96. – It is customary here to compare Moses and Paul; but if the Apostle’s
words are considered carefully, this is not necessary, because ministries
not persons are being compared.
97. – But because the false apostles could say that even though the ministry
of the New Covenant is greater than that of the Old, it is not much greater.
Therefore, it is good for us to continue in that ministry, which they did,
because they observed the ceremonies of the Law along with the Gospel.
Therefore the Apostle rejects this when he says, indeed, in this case, what
once had glory has come to have no glory at all, because of the glory that
In regard to this he does two things. First, he shows that the ministry of
the New Testament exceeds that of the Old beyond all comparison. Secondly,
he assigns the reason for this (v. 11).
98. – He says, therefore, I have said that the ministry of justice abounds
in glory to such a degree that the glory of the Old Testament should not be
called glorious, for what once had glory has come to have no glory at all by
reason of the glory that surpasses it. This is explained in two ways.
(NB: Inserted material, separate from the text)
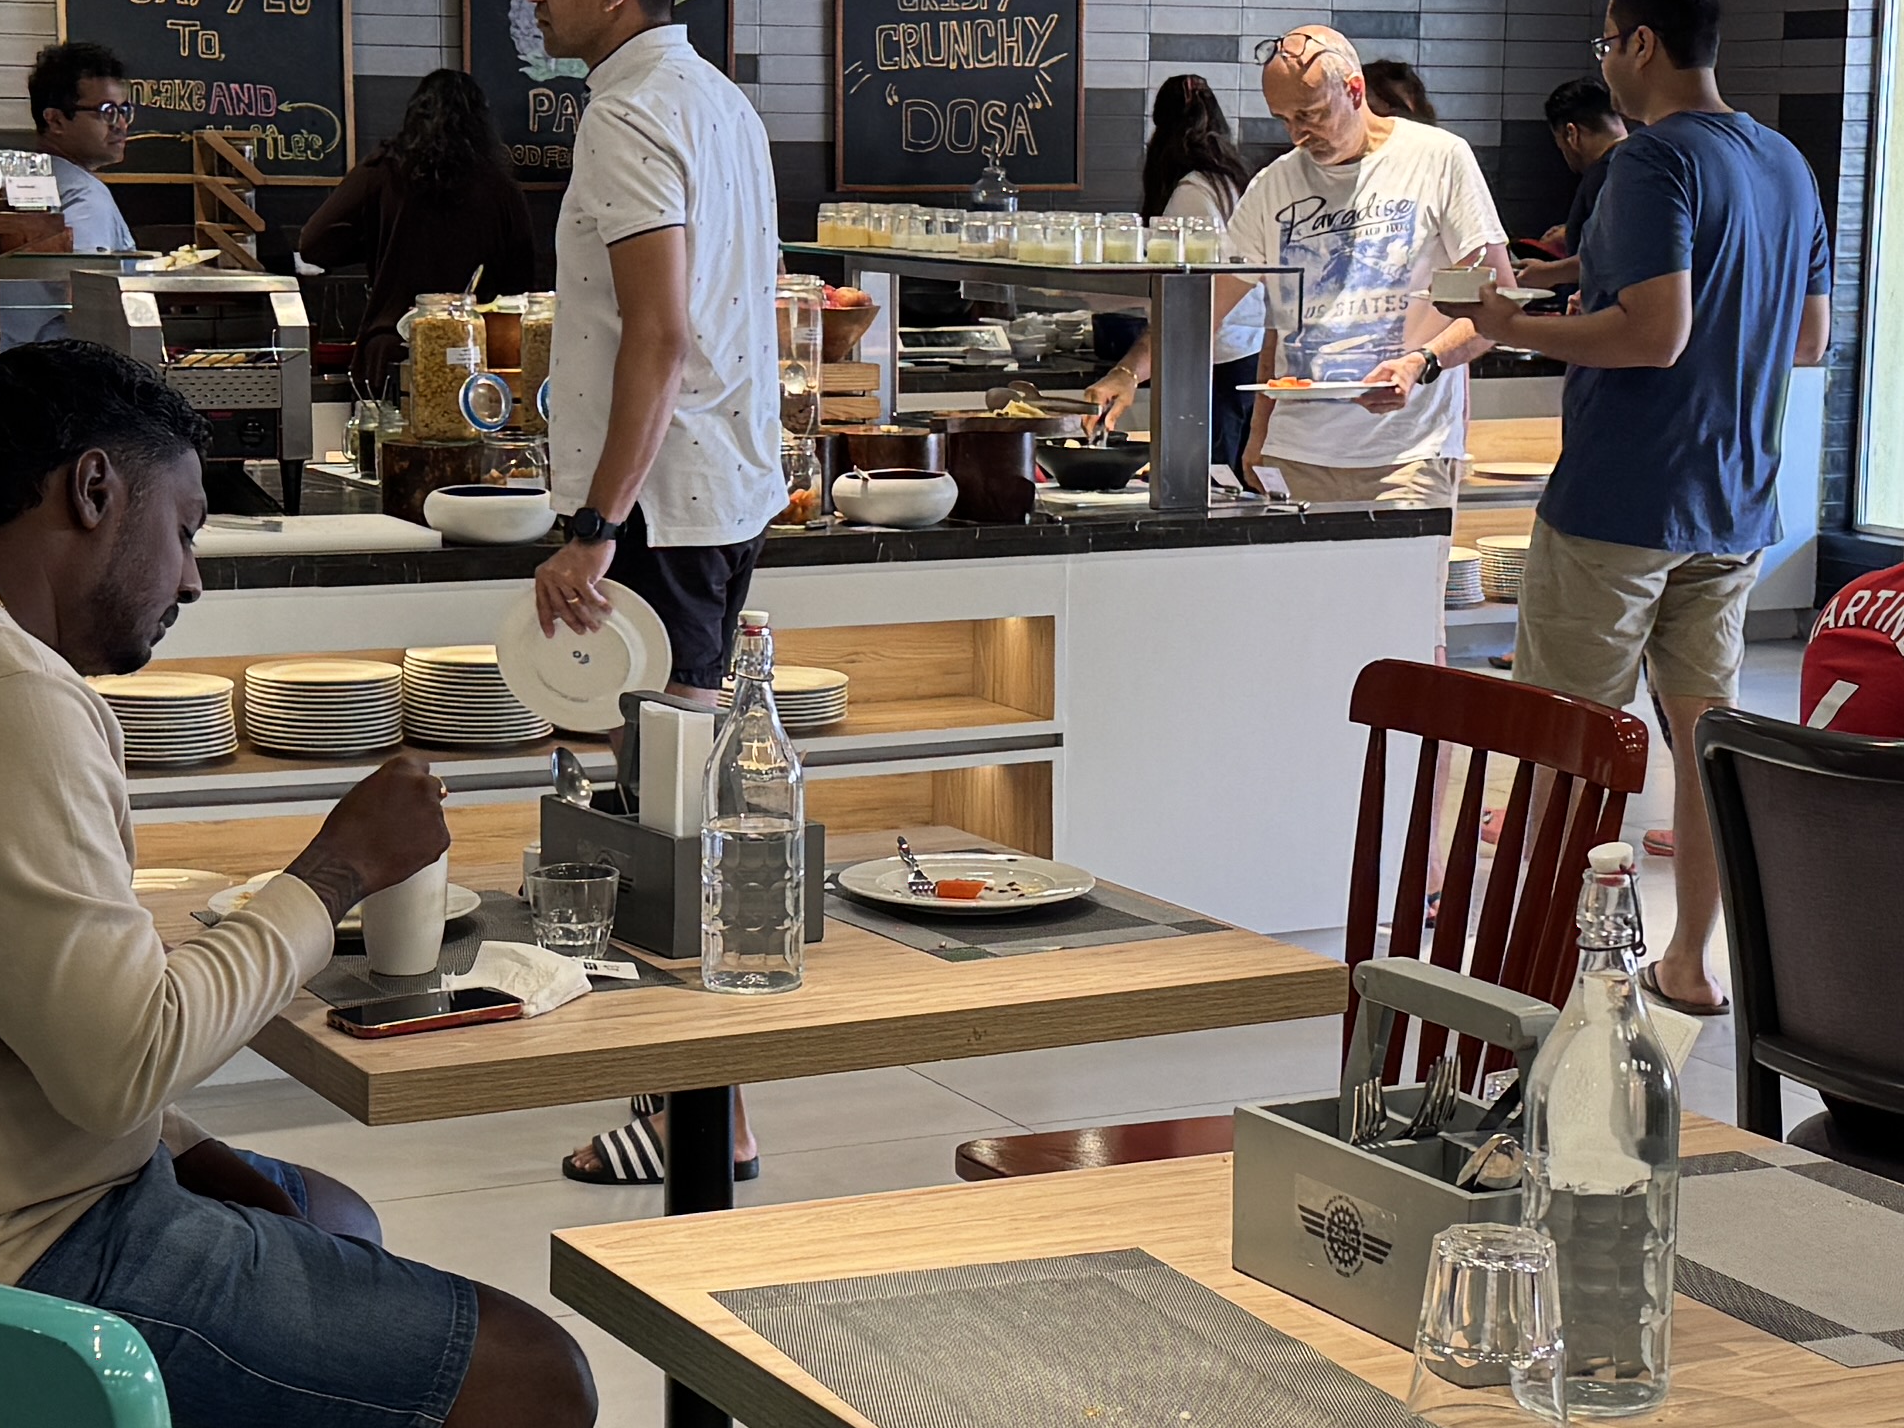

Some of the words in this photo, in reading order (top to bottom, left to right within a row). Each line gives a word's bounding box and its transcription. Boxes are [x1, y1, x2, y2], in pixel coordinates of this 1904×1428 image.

First, that that glory is nothing in comparison to that of the New
Testament, because such glory was not conferred on all the ministers, but on
Moses alone, and it did not shine on Moses entirely, but in part, i.e., on
his face alone. Therefore, it has come to have no glory at all, i.e., should
not be glorified because of the glory that surpasses it, i.e., in comparison
to the excelling glory of the New Testament, which abounds in grace, so that
men purified by it might not see the glory of a man but of God.
It is explained in a second way by punctuating it thus: that which was
glorious in this part has come to have no glory: as if to say, for in this
part, i.e., in respect to this particular nature, that we are servants, has
come to have no glory, i.e., that was not glorious which shone in the Old
Testament: and this by reason of the glory that surpasses it, which is in
the New, because it is the glory of God the Father.
99. – Then he assigns the cause of this when he says, For if what faded away
came with glory, what is permanent must have much more glory. His reasoning
is thus: that which was given to pass away is nothing in relation to that
which is given to remain always. If, therefore, the Old Testament, which is
rendered void, is done away with: “But when the perfect comes, the imperfect
will pass away” (1 Cor. 13:10). For with glory the ministry of Moses came,
at least with a particular glory.
And it is obvious that the New Testament remains, because it is begun here
and completed in heaven: “Heaven and earth shall pass away, but my words
shall not pass away” (Lk. 21:33). It will be much more in eternal glory, in
which it will be perfected; it will be, I say, for us who are its ministers.